Doodhibhoplyacha Bharit Recipe is a healthy side dish made by mashing cooked Bottle gourd. This recipe is a typical Maharashtrian version of Bharta and is quiet different than the North Indian Lauki Bharta.
Course : Lunch
Ingridients : 1 Bottle gourd (lauki) , peeled and finely chopped
3/4 cup Curd (Dahi / Yogurt)
1/2 teaspoon Rock Salt
1/2 teaspoon Sugar
2 tablespoon Oil
1/2 teaspoon Mustard seeds (Rai/ Kadugu)
1/2 teaspoon Cumin seeds (Jeera)
1/4 teaspoon Asafoetida (hing)
2 teaspoon Groundnut powder
2 Dry Red Chillies
3 sprig Coriander (Dhania) Leaves , finely chopped (or mint leaves)

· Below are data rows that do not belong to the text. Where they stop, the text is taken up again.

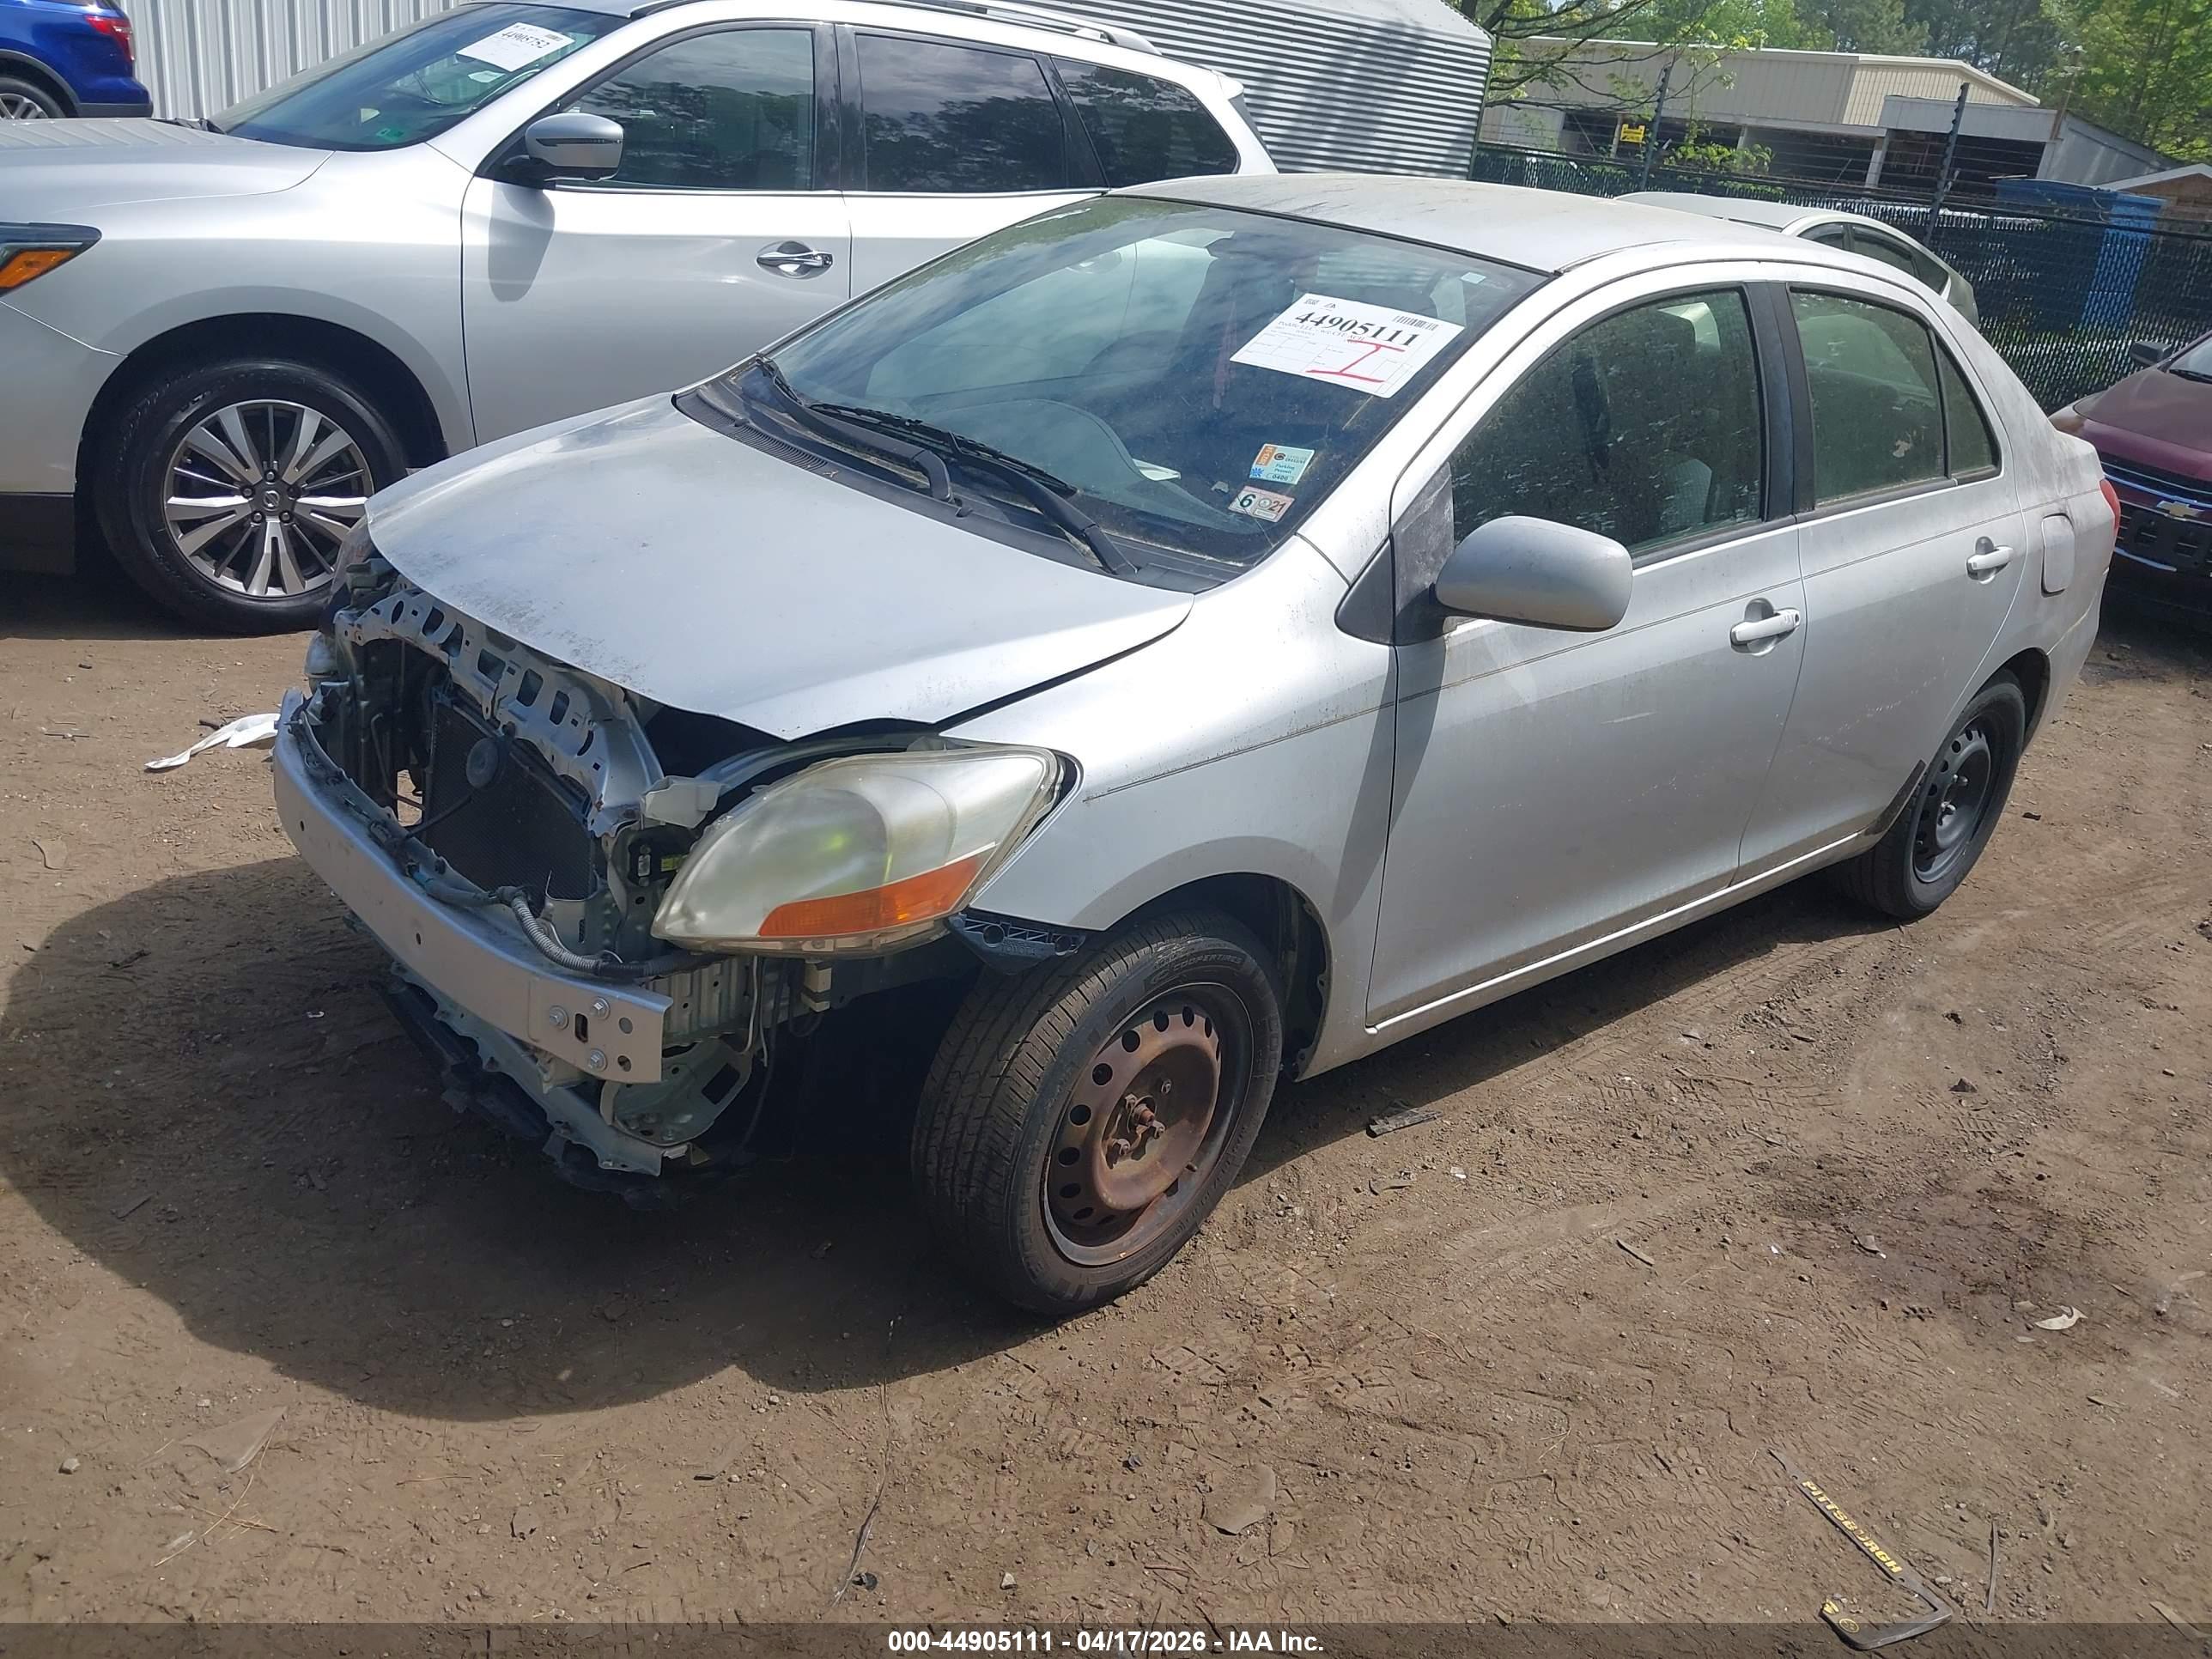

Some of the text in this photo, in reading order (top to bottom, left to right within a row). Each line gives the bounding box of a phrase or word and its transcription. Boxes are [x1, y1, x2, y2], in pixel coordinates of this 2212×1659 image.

[1295, 311, 1420, 347] 44905111
[1239, 493, 1286, 514] 6 21
[1801, 1480, 1903, 1574] PITTSBURGH
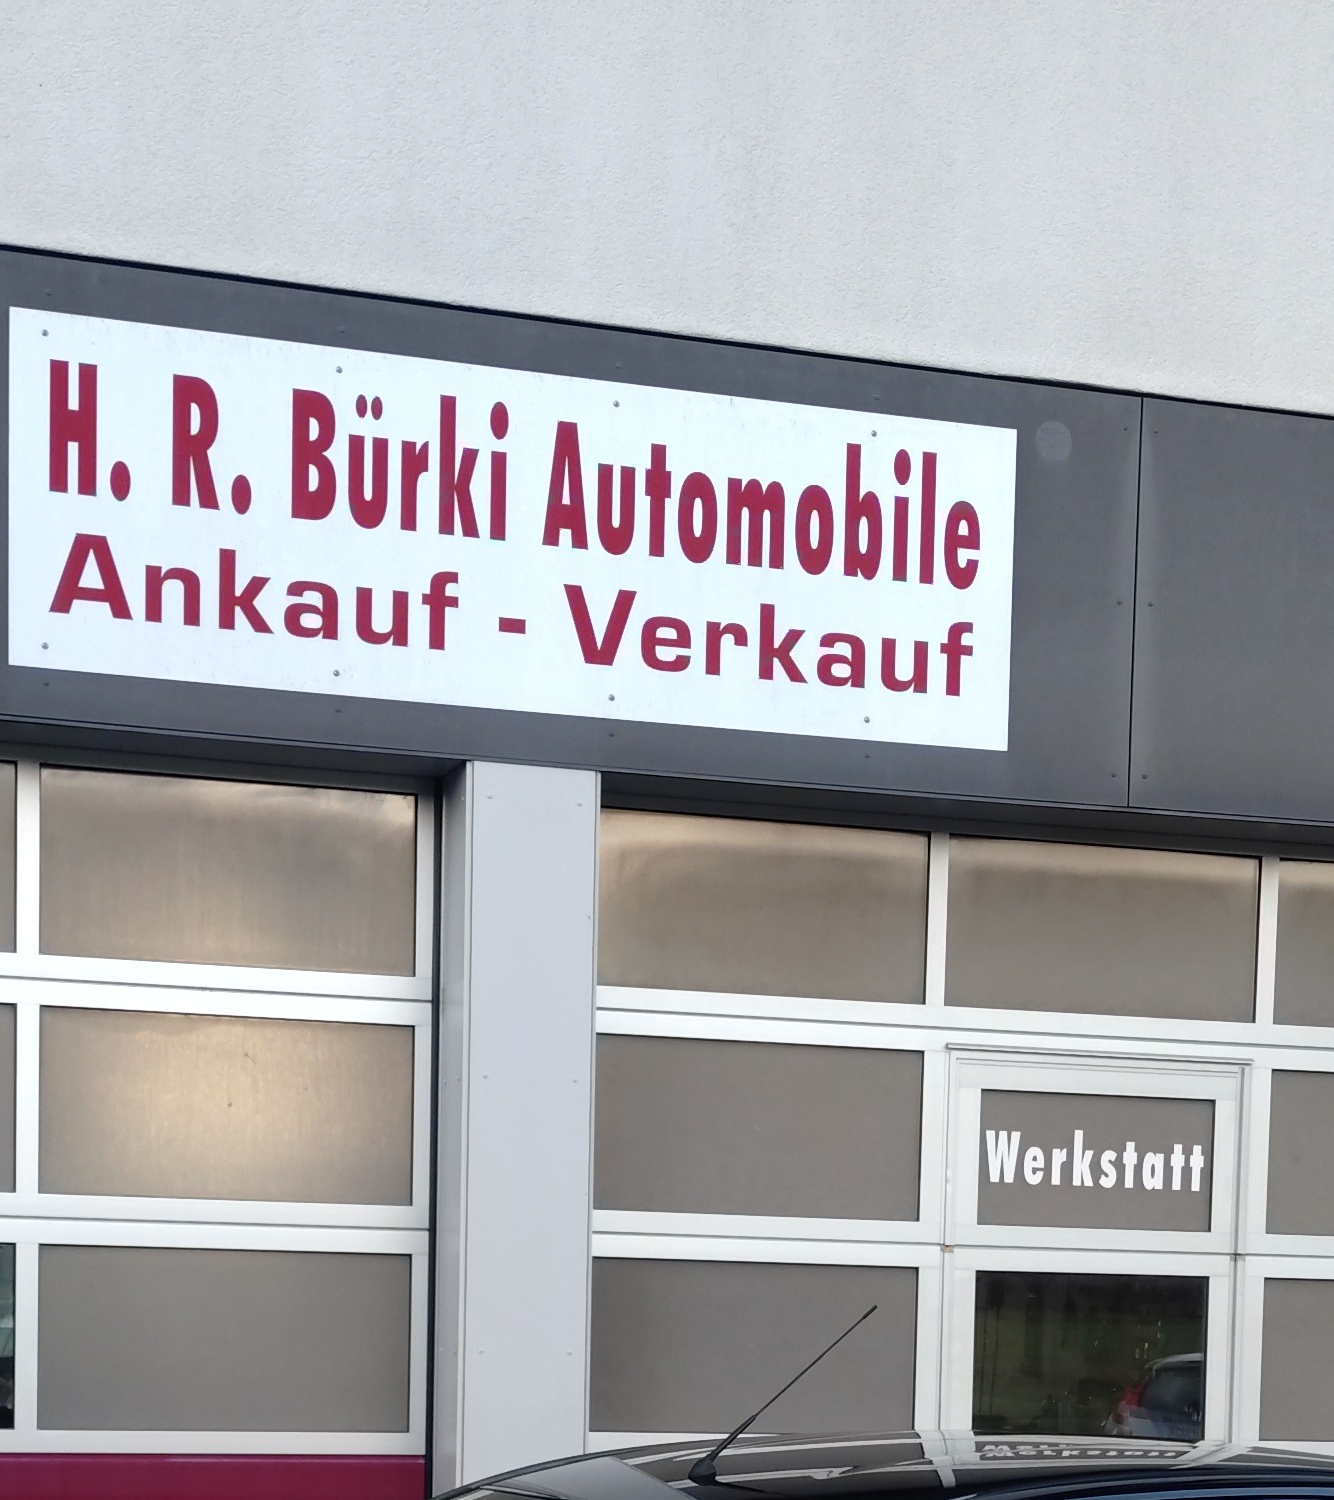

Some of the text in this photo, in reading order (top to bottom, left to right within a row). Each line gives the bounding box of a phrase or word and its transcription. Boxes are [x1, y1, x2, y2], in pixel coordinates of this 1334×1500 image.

[49, 359, 981, 590] H. R. Bürki Automobile
[49, 532, 974, 698] Ankauf - Verkauf
[985, 1129, 1204, 1192] Werkstatt
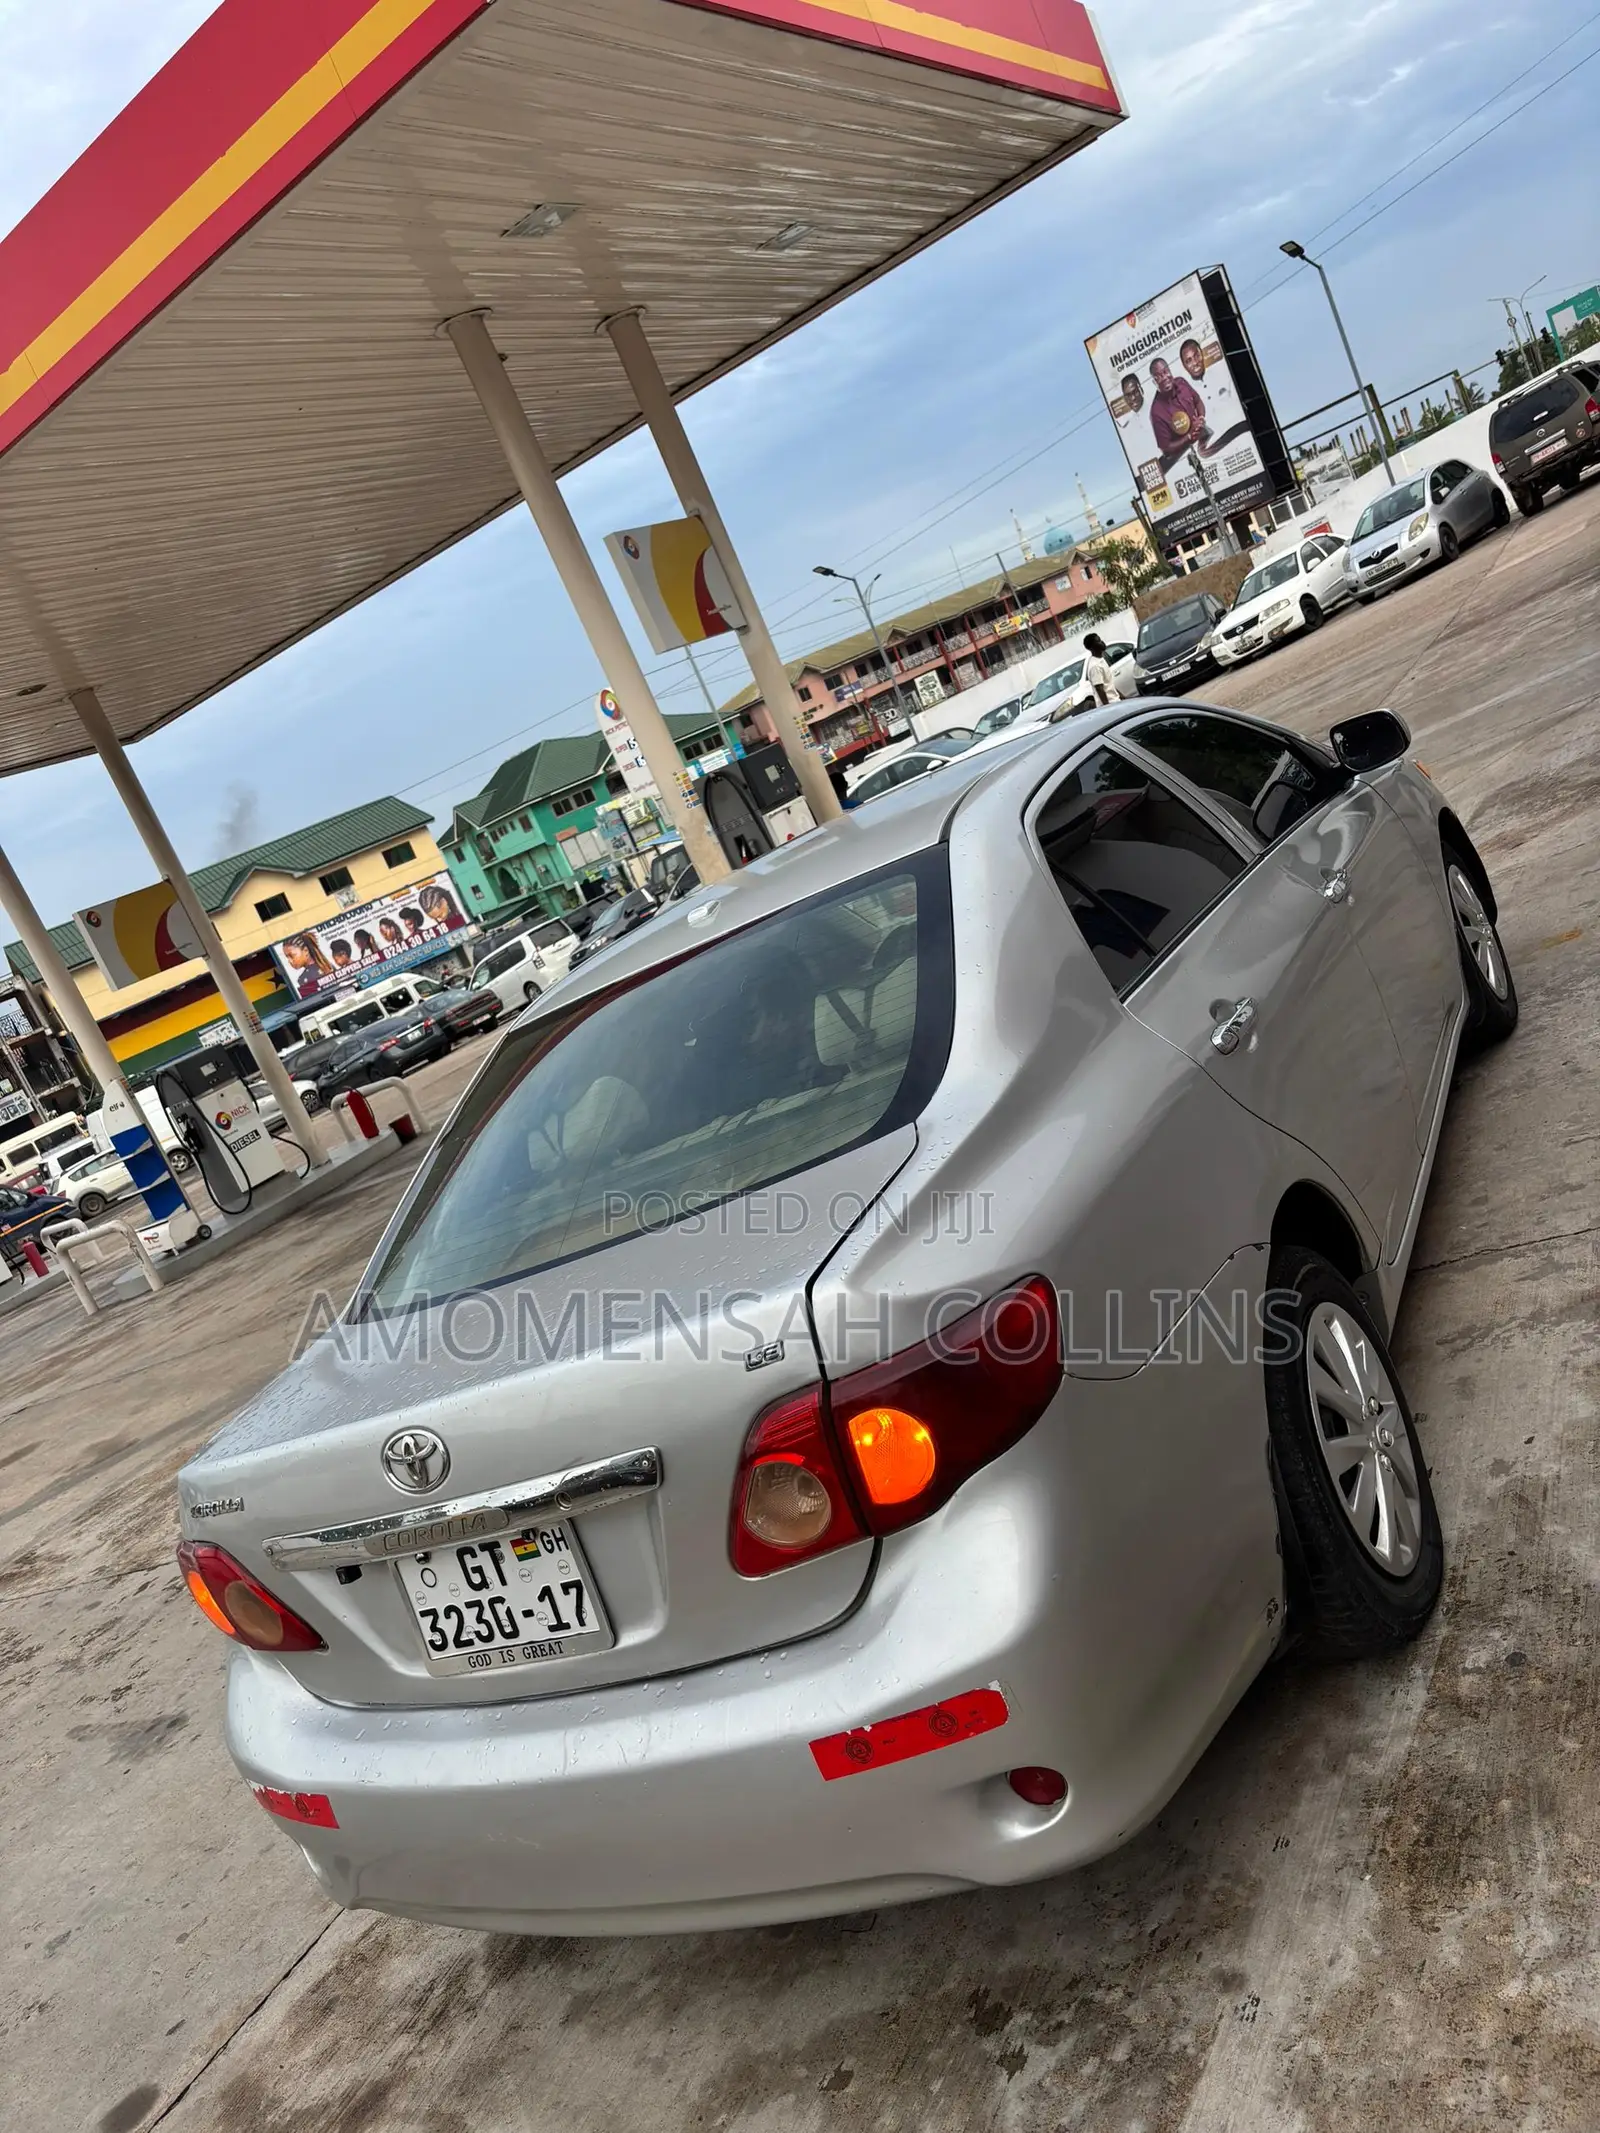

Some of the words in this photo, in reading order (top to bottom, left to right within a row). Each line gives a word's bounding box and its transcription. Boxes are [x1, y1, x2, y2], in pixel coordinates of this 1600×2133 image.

[1109, 308, 1193, 368] INAUGURATION
[1117, 364, 1126, 373] OF
[1126, 357, 1139, 368] NEW
[1139, 341, 1164, 360] CHURCH
[1163, 324, 1192, 346] BUILDING
[1151, 490, 1168, 503] 2PM
[1176, 480, 1187, 498] 3
[1187, 478, 1198, 487] ALL
[1188, 476, 1220, 492] SERCES
[383, 942, 409, 960] 0244
[410, 934, 423, 948] 30
[423, 929, 437, 942] 64
[438, 922, 449, 937] 18
[336, 961, 362, 982] CLIPPERS
[361, 953, 380, 969] SALON
[231, 1103, 250, 1118] NICK
[230, 1131, 261, 1152] DIESEL
[747, 1343, 781, 1368] LE
[383, 1513, 487, 1551] COROLLA
[456, 1540, 508, 1592] GT
[539, 1527, 570, 1554] GH
[419, 1578, 587, 1652] 3230-17
[468, 1652, 493, 1669] GOD
[501, 1649, 516, 1664] IS
[522, 1641, 564, 1661] GREAT

Instructions To begin making the Doodhibhoplyacha Bharit Recipe, steam the bottle gourd in a steamer or pressure cooker. Take the cooked bottle gourd in a mixing bowl and mash lightly with the back of a spoon or a masher. The mashed lauki can have a little texture and need not be completely smooth.Once the lauki is mashed, add the peanut powder and mix well. You can proceed to make the seasoning now.To prepare the tadka, place a tadka pan on medium heat and add oil to it. Once the oil is hot, add the mustard and cumin seeds. Once they crackle, add hing followed by the dry chillies.Fry the dry red chillies for about half a minute and turn off the heat. Ensure that the chillies don't get burnt. Let the seasoning cool.Once the seasoning is cooled, add the seasoning to the mashed lauki mixture. Crush the fried stuffed chillies with your hand.In a small bowl whisk together the curd, salt, sugar and fresh herbs.Add the curd mixture to the bottle gourd and serve hot. Serve the Lauki Bharta along with hot Tawa Paratha or Steamed Rice and Punjabi Dal Tadka for a weekday lunch or dinner.